— What is being asked —
Skip all lines in the entries below that come before the one containing "Some of the text". Repeat that line and the rest exactly.

BEGIN Dataset records

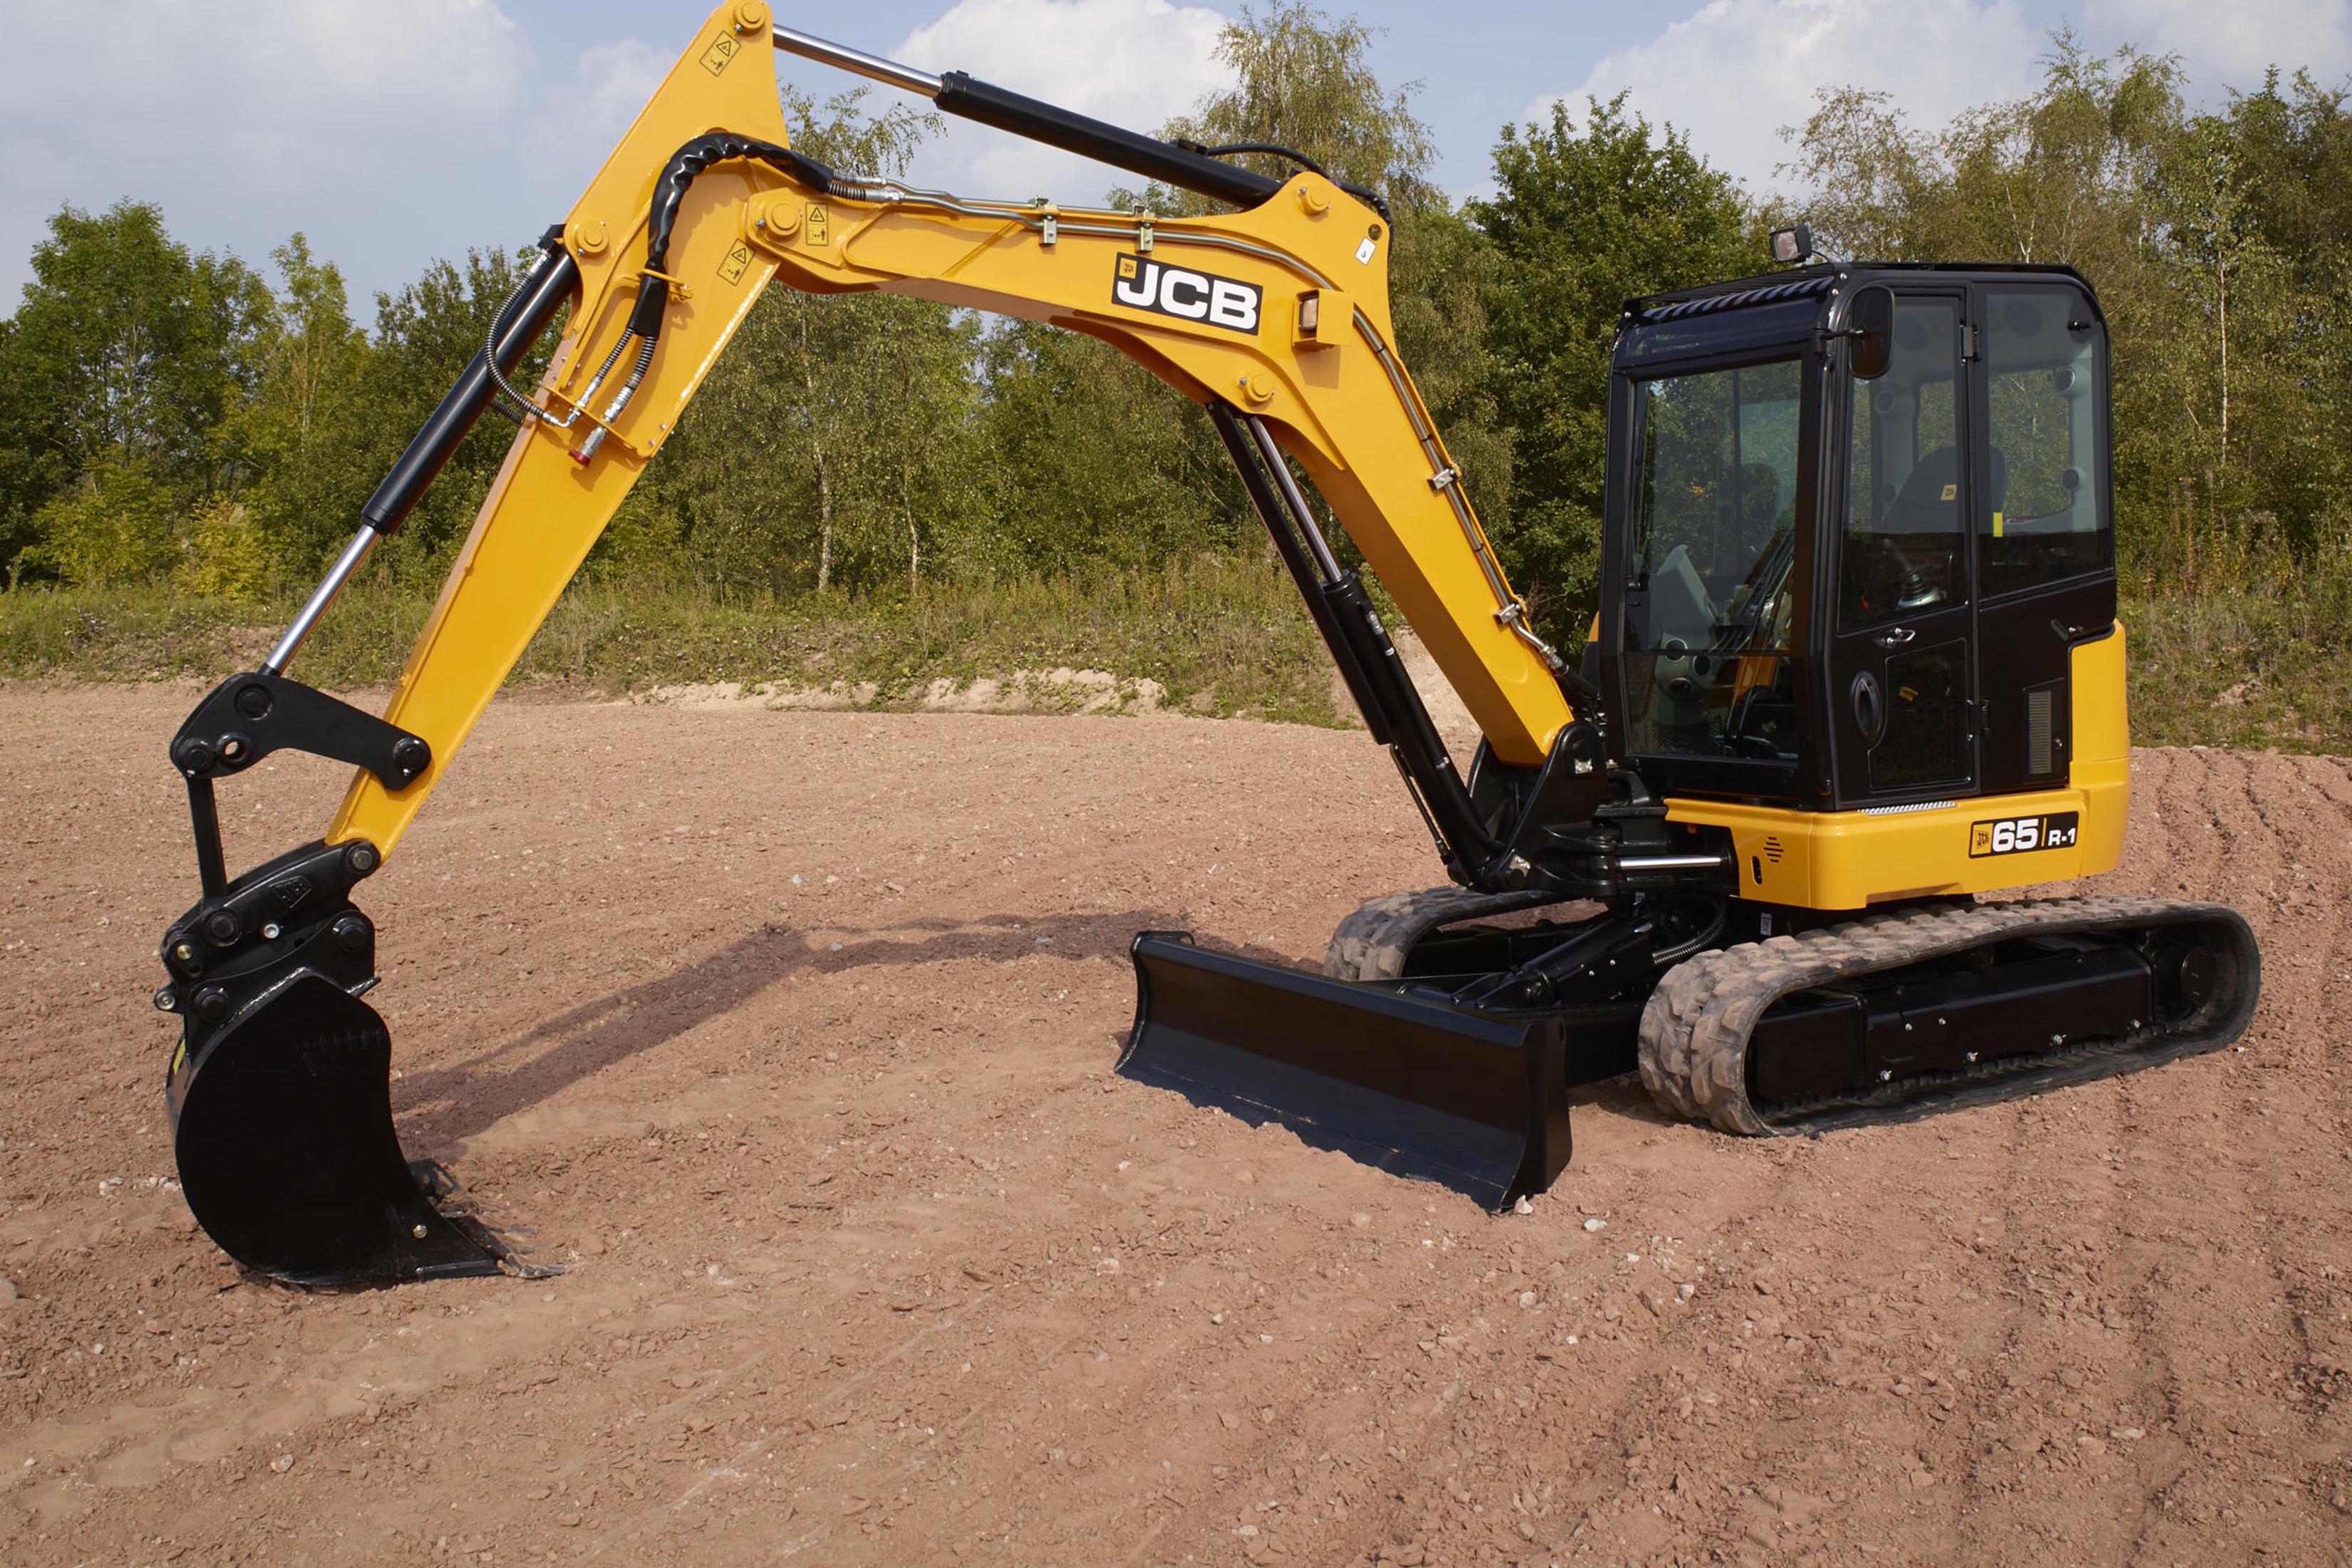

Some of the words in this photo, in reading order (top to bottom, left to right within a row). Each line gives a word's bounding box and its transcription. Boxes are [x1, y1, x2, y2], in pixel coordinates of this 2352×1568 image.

[1117, 263, 1257, 329] JCB
[1977, 832, 1989, 846] JCB
[1992, 819, 2039, 852] 65
[2048, 827, 2076, 846] R-1
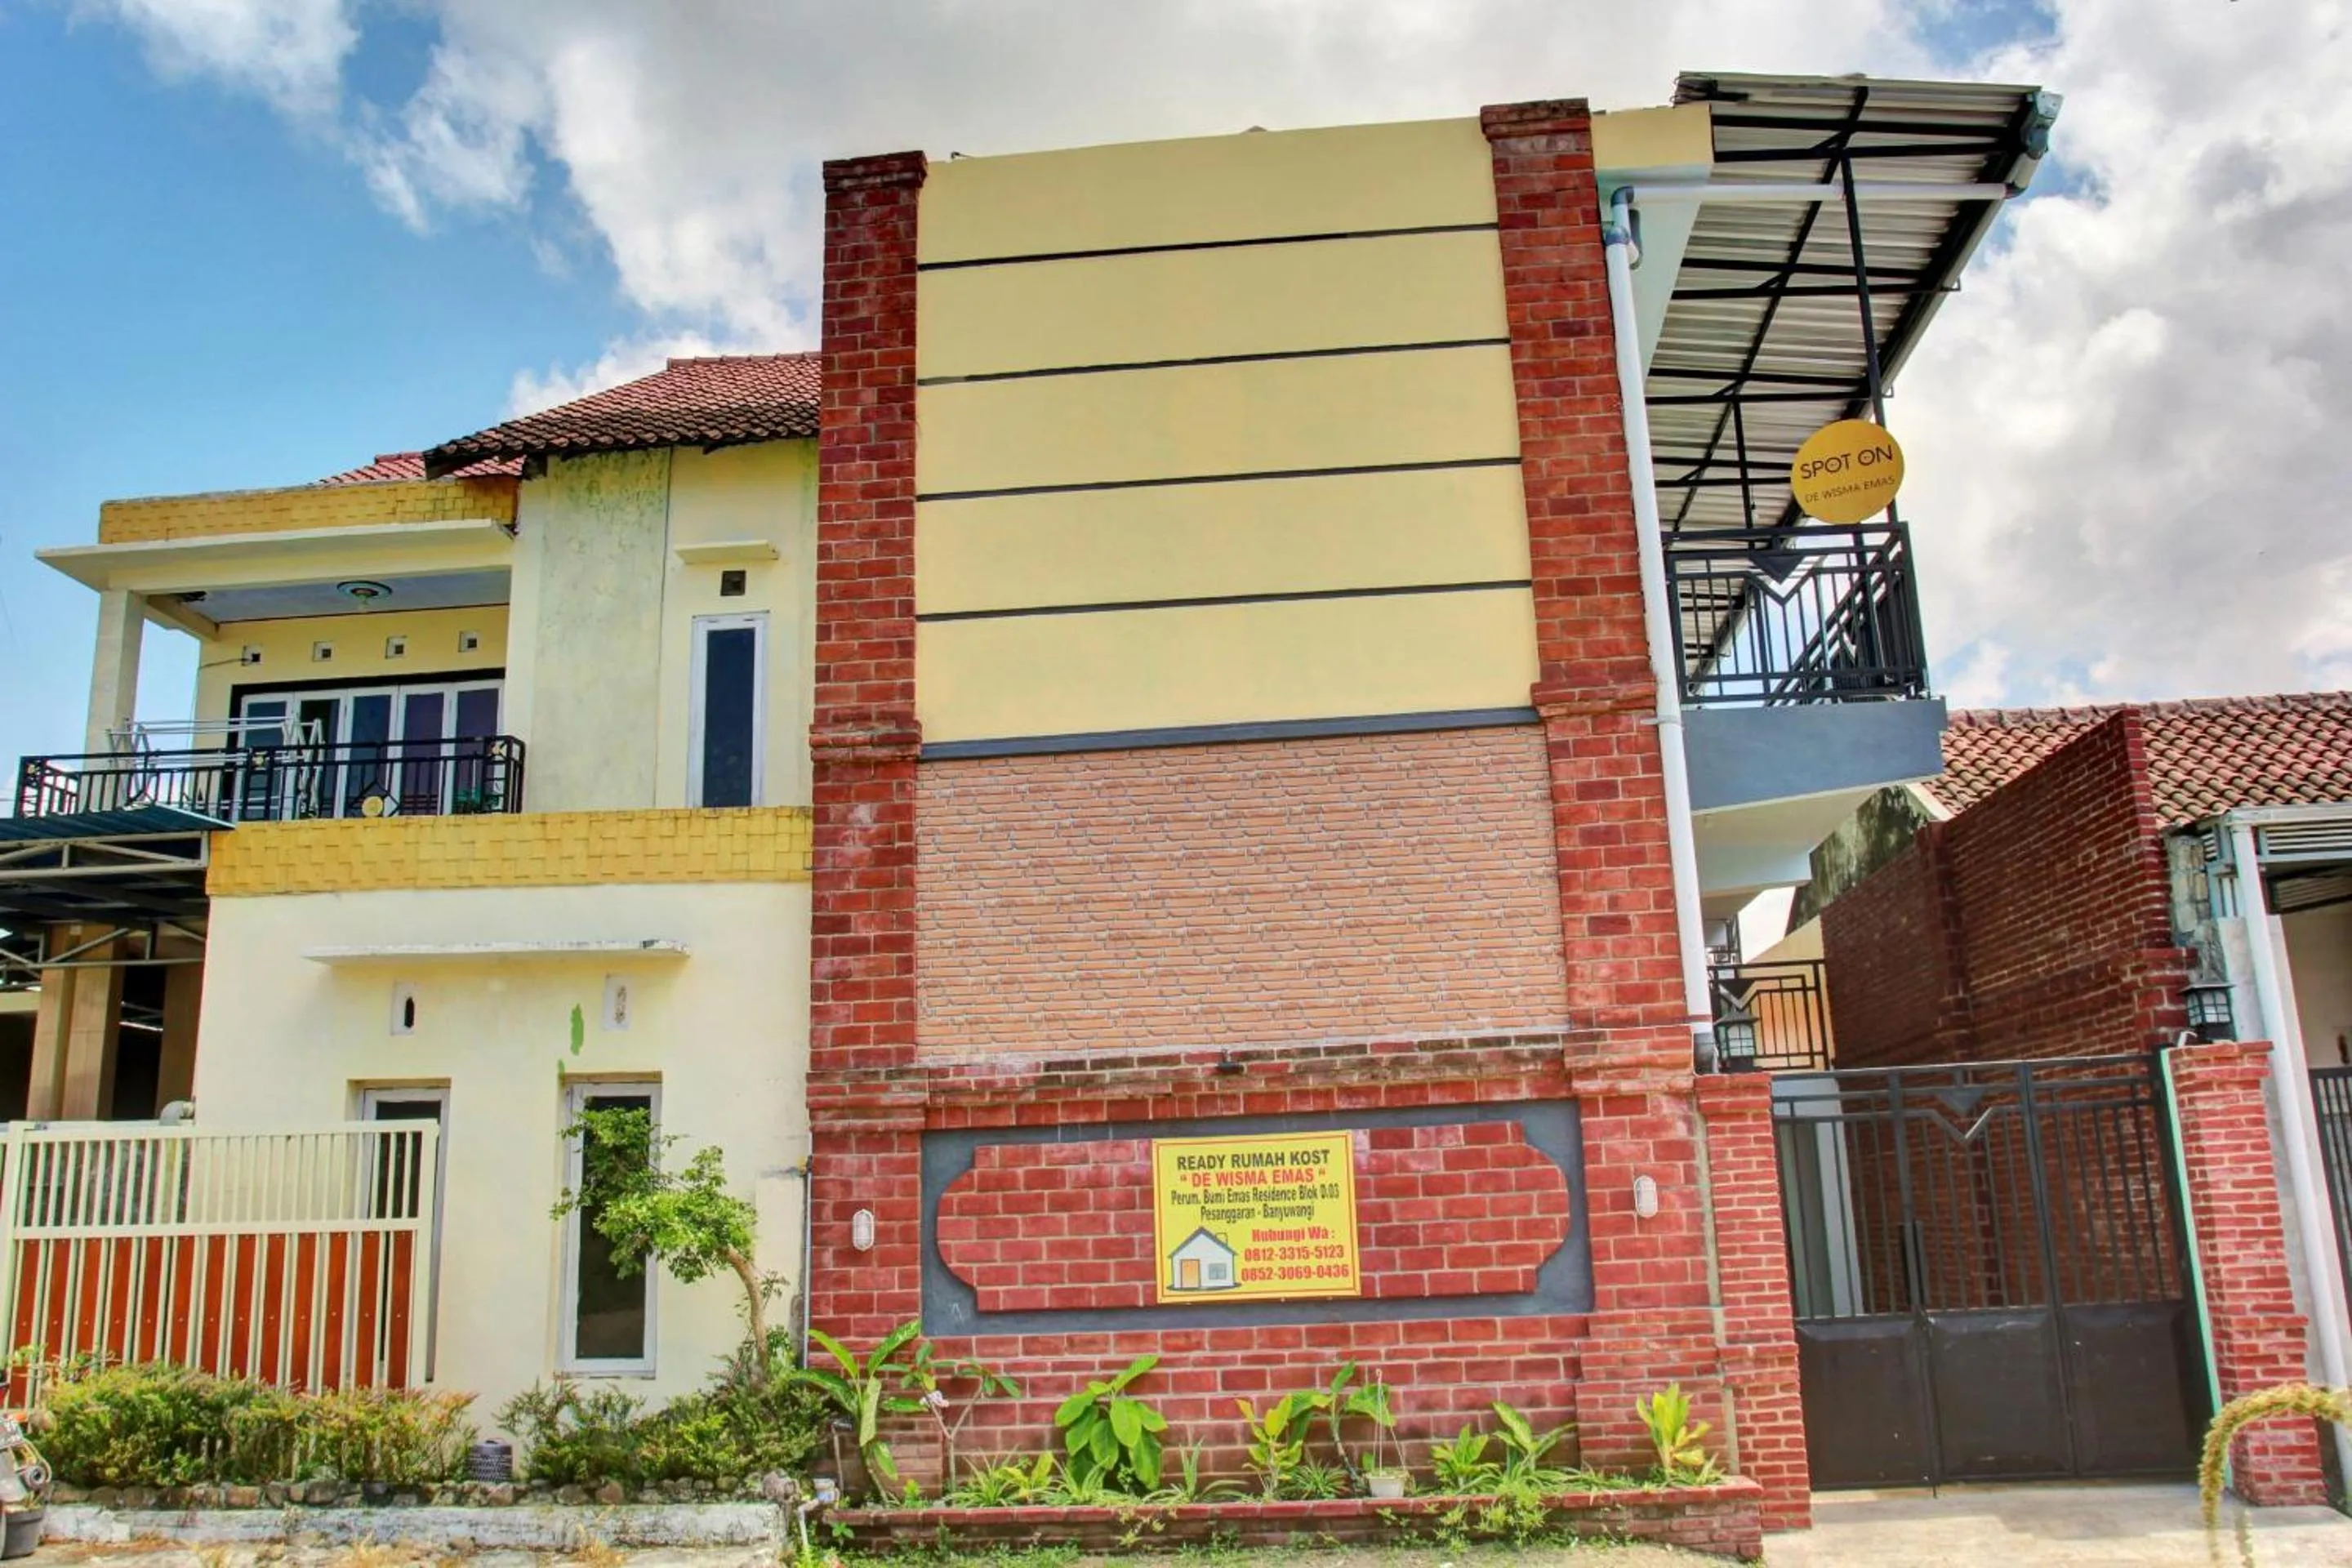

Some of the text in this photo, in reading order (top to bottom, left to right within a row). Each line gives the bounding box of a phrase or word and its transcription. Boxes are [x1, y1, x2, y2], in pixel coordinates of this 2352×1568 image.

[1800, 444, 1893, 479] SPOT ON
[1805, 476, 1895, 503] DE WISMA EMAS
[1177, 1149, 1330, 1170] READY RUMAH KOST
[1192, 1172, 1210, 1187] DE
[1216, 1169, 1267, 1186] WISMA
[1272, 1168, 1314, 1184] EMAS
[1203, 1189, 1225, 1204] Bumi
[1227, 1187, 1250, 1203] Emas
[1252, 1186, 1296, 1202] Residence
[1299, 1184, 1318, 1200] Blok
[1200, 1205, 1255, 1223] Pesanggaran
[1263, 1202, 1314, 1222] Banyuwangi
[1252, 1228, 1305, 1242] Hubungi
[1244, 1245, 1344, 1261] 0812-3315-5123
[1241, 1264, 1349, 1281] 0852-3069-0436

END Dataset records

— The answer —
Some of the text in this photo, in reading order (top to bottom, left to right within a row). Each line gives the bounding box of a phrase or word and its transcription. Boxes are [x1, y1, x2, y2], in pixel coordinates of this 2352×1568 image.

[1800, 444, 1893, 479] SPOT ON
[1805, 476, 1895, 503] DE WISMA EMAS
[1177, 1149, 1330, 1170] READY RUMAH KOST
[1192, 1172, 1210, 1187] DE
[1216, 1169, 1267, 1186] WISMA
[1272, 1168, 1314, 1184] EMAS
[1203, 1189, 1225, 1204] Bumi
[1227, 1187, 1250, 1203] Emas
[1252, 1186, 1296, 1202] Residence
[1299, 1184, 1318, 1200] Blok
[1200, 1205, 1255, 1223] Pesanggaran
[1263, 1202, 1314, 1222] Banyuwangi
[1252, 1228, 1305, 1242] Hubungi
[1244, 1245, 1344, 1261] 0812-3315-5123
[1241, 1264, 1349, 1281] 0852-3069-0436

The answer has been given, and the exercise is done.